一定種類の営業につき,行政庁の許可を受けた者でなければその営業を行ってはならないというしくみが法令で定められている場合に,これを〈営業許可制〉と呼び,その場合の許可を〈営業許可〉(または〈営業免許〉)と呼ぶ。営業許可制の対象とされる種類の営業を,〈許可営業〉という。

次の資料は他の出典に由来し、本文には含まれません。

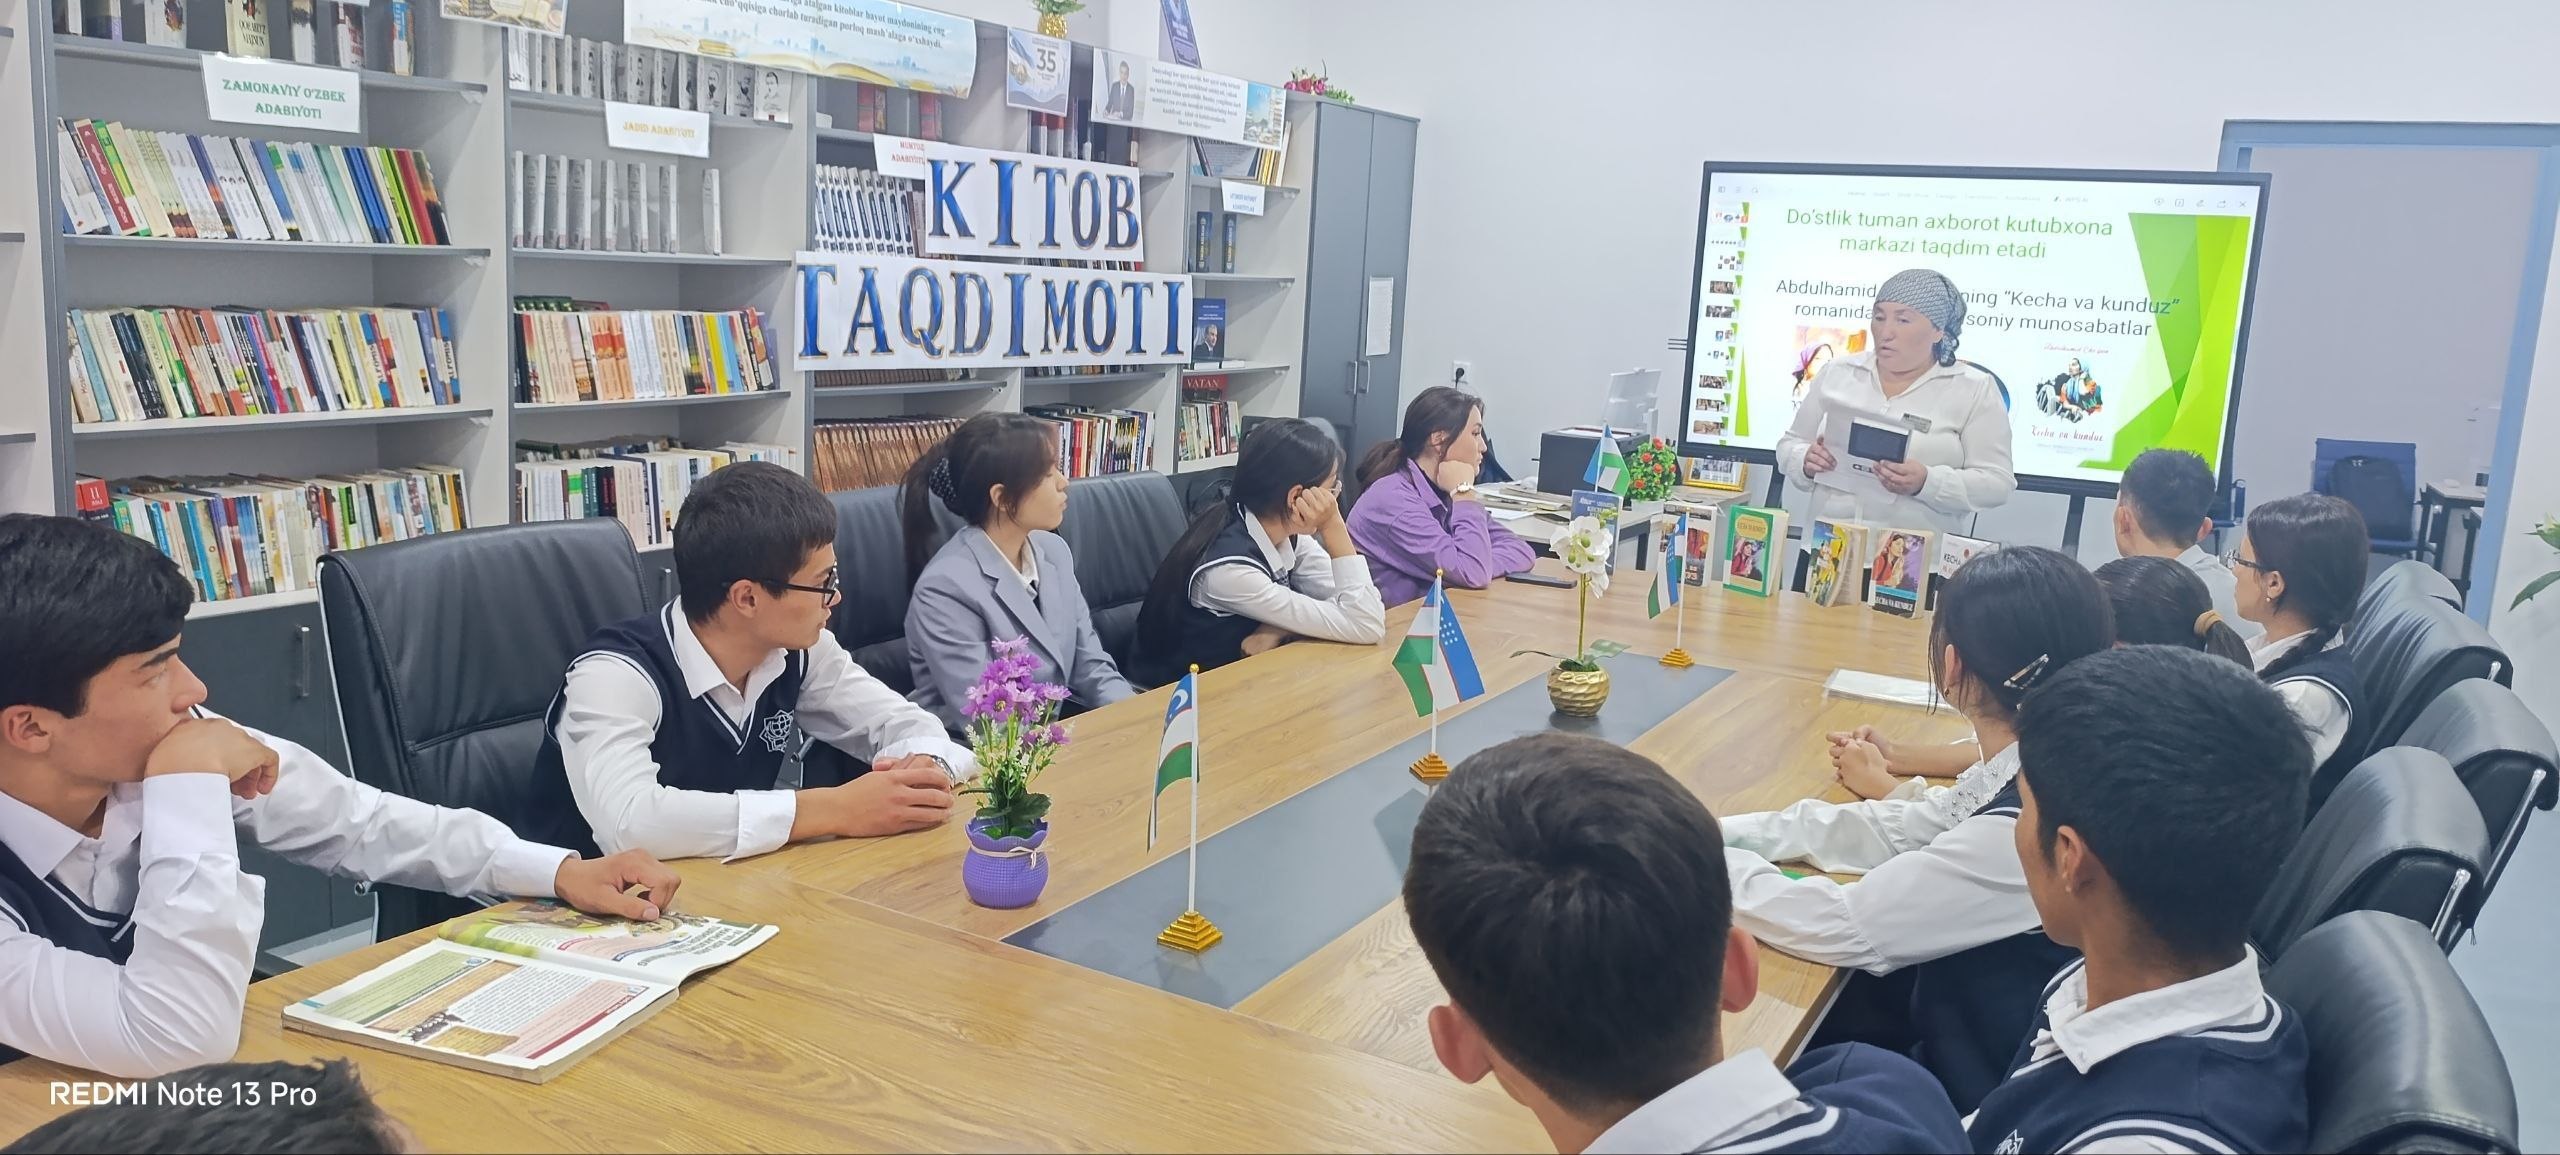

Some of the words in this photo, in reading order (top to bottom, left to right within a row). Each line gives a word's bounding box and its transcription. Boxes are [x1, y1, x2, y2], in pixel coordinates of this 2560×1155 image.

 日本を含めて,営業の自由を原則的に保障するという建前をとる国々においても,実際には,さまざまな種類の営業について営業許可制がとられている。たとえば,各種風俗営業,古物営業,飲食店営業等に関する許可制(風俗営業等の規制及び業務の適正化等に関する法律3条,古物営業法2条,3条,食品衛生法21条等)は,風俗秩序の維持,防犯公衆衛生確保などを目的とするものである。これらは一般的にいえば,社会公共の安全と秩序に対して有害な結果を及ぼすおそれのある営業活動を取り締まる,いわゆる〈営業警察〉上の規制の一種である。営業許可制には,そのほか,酒類の製造販売に関する免許制(酒税法7~9条)のように国家の財政収入の確保を目的とするものや,職業紹介事業の許可制(職業安定法32条,33条)のように社会的弱者の保護を目的とするものもある。いずれにせよ,営業許可制は,自由な営業活動から生じうるなんらかの不都合を抑制するという意味で,概して消極的な規制としての性格を有する。これに対し,電気事業の許可(電気事業法3条)や鉄道業の免許(鉄道事業法3条)のように,とくに公共性の強い事業について,行政庁の積極的な監督のもとに適正な経営を行わせることを目的とする制度もあるが,それらは行政法学上,ここにいう営業許可と区別して〈公企業特許〉と呼ばれることが多い。なお最近の立法では,営業に関する〈登録〉の制度を採用する例が増えている。〈貸金業の規制等に関する法律〉に基づく貸金業者の登録はその一例である。登録制は,営業許可制に類似するものであるが,営業の自由に対する制約の度合いを弱めようとする趣旨が含まれている。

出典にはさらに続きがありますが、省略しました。